On Sat, 12 Jul 2003 14:53:55 -0500, (p_j) wrote:

Gunner wrote:

I see you are still stupid. Weapons of mass destruction are classified as:
Those weapons which when used as designed cause mass casualties in an
indiscriminate manner.

Great, now you are agreeing with me. Chem and bio weapons are crappy at
causing mass casualties. So by your definition, they are not WMD.


How so? With proper usage, they are VERY effective in causing mass
casualties. Witness WW1 and Sadams usage on the Kurds.


No, the fact is that they don't work very well at all. I guess if you
want to pervert language to mean dozens of people are a mass, you might
get away with it. By the way, the US helped Saddam gas the Iranians. You
really ought to include that. The Pentagon also disputed whether it was
Iraq who did the Kurds, although it was right after a delivery of "dual
use" crop sprayers that were wangled through.


Cites?
Here, try mine:

http://www.phrusa.org/research/chemi...miraqgas2.html

Or this one
http://projects.sipri.se/cbw/researc...heet-1984.html
Stockholm International Peace Research Institute

SIPRI FACT SHEET
Chemical Weapons I
May 1984
Authors: Julian Perry Robinson and Jozef Goldblat

NB: This material may be quoted freely, with attribution to SIPRI.
CHEMICAL WARFARE IN THE IRAQ-IRAN WAR

into snipped


Mustard gas was first used as a chemical-warfare agent during World
War I, when it was responsible for about 70 per cent of the
million-plus gas casualties. Its most prominent use after that war was
by Italy in Ethiopia during 1936. During World War II it was produced
by Britain, Canada, France, Germany, Hungary, Italy, Japan, the
Netherlands, Poland, South Africa, the USA and the USSR. It was the CW
agent that was stockpiled in by far the largest quantity--on the order
of hundreds of thousands of tons overall--but was used only by Japan
in China. It is probably still the most heavily stockpiled CW agent
today. Its last established use appears to have been by Egypt
intervening in the (North) Yemeni civil war of the mid-1960s.

Effectiveness of mustard gas

Mustard gas can be spread from munitions deliverable by virtually any
type of weapon, including the mortars, artillery and aircraft with
which Iraqi forces are reported to have used it.
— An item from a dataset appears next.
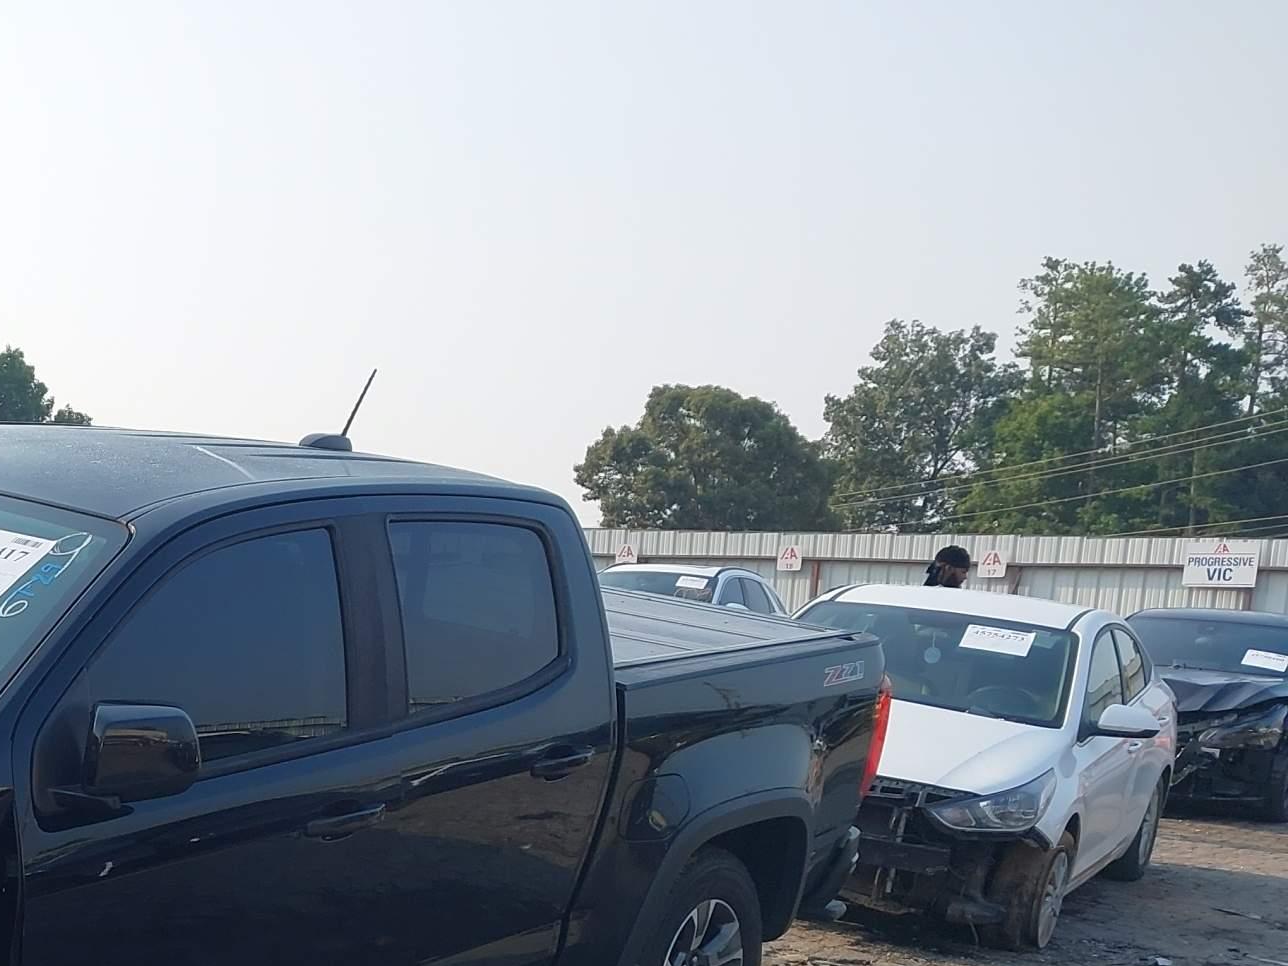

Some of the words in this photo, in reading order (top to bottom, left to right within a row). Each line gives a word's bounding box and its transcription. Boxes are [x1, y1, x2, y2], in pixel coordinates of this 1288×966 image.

Among the many
air-deliverable mustard munitions which Britain produced during World
War II, one report judged the most cost-effective to be no more than a
5-gallon oil drum filled with mustard and fitted with a simple burster
charge. The munition from which the UN team retrieved its sample in
Iran appears to have been a light-case 250-lb white-phosphorus bomb,
such as might otherwise be used for smoke-screening or incendiary
purposes. Published eye-witness accounts suggest that Iraqi practice
was for eight such bombs to be carried per ground-attack jet aircraft,
dropped from a height of 200-300 metres. There may well be an
international trade in such munitions. It would be relatively easy,
though hazardous, to exchange the phosphorus payload for mustard gas.

Manufacture

Mustard gas may be made in different ways according to whether
ethylene, vinyl chloride or thiodiglycol is chosen as the starting
material. Published UN findings suggest that the Iraqi mustard had
been made from the last of these precursors. Thiodiglycol is a quite
widely used industrial commodity, finding application as an
antioxidant, as a vulcanizing agent, as an intermediate for other
commodities, and as a solvent for dyes used in the textile industry.
Its conversion to mustard gas is very simple indeed, the only
technological problem being that of preventing its manufacturers from
becoming its first casualties. That, however, is not a small problem.
When Britain first manufactured mustard gas, there were, over a
six-month period during 1918, 1.27 cases of mustard illness per person
employed.

The quantity of thiodiglycol needed to produce enough mustard gas to
fill eight of the bombs sampled by the UN team would be about 350 kg.
A hundred tons could yield sufricient mustard to arm maybe 300
aircraft sorties or to keep a medium-artillery battalion firing
nothing but mustard shell for a fortnight.

Tabun

The second poison gas identified by the UN team was the nerve-gas
tabun. This was found in a sample which the team was assured by
Iranian authorities had been drawn by an Iranian soldier from a dud
bomb. The bomb was said to have had the same appearance as the one
from which the UN team had drawn mustard gas.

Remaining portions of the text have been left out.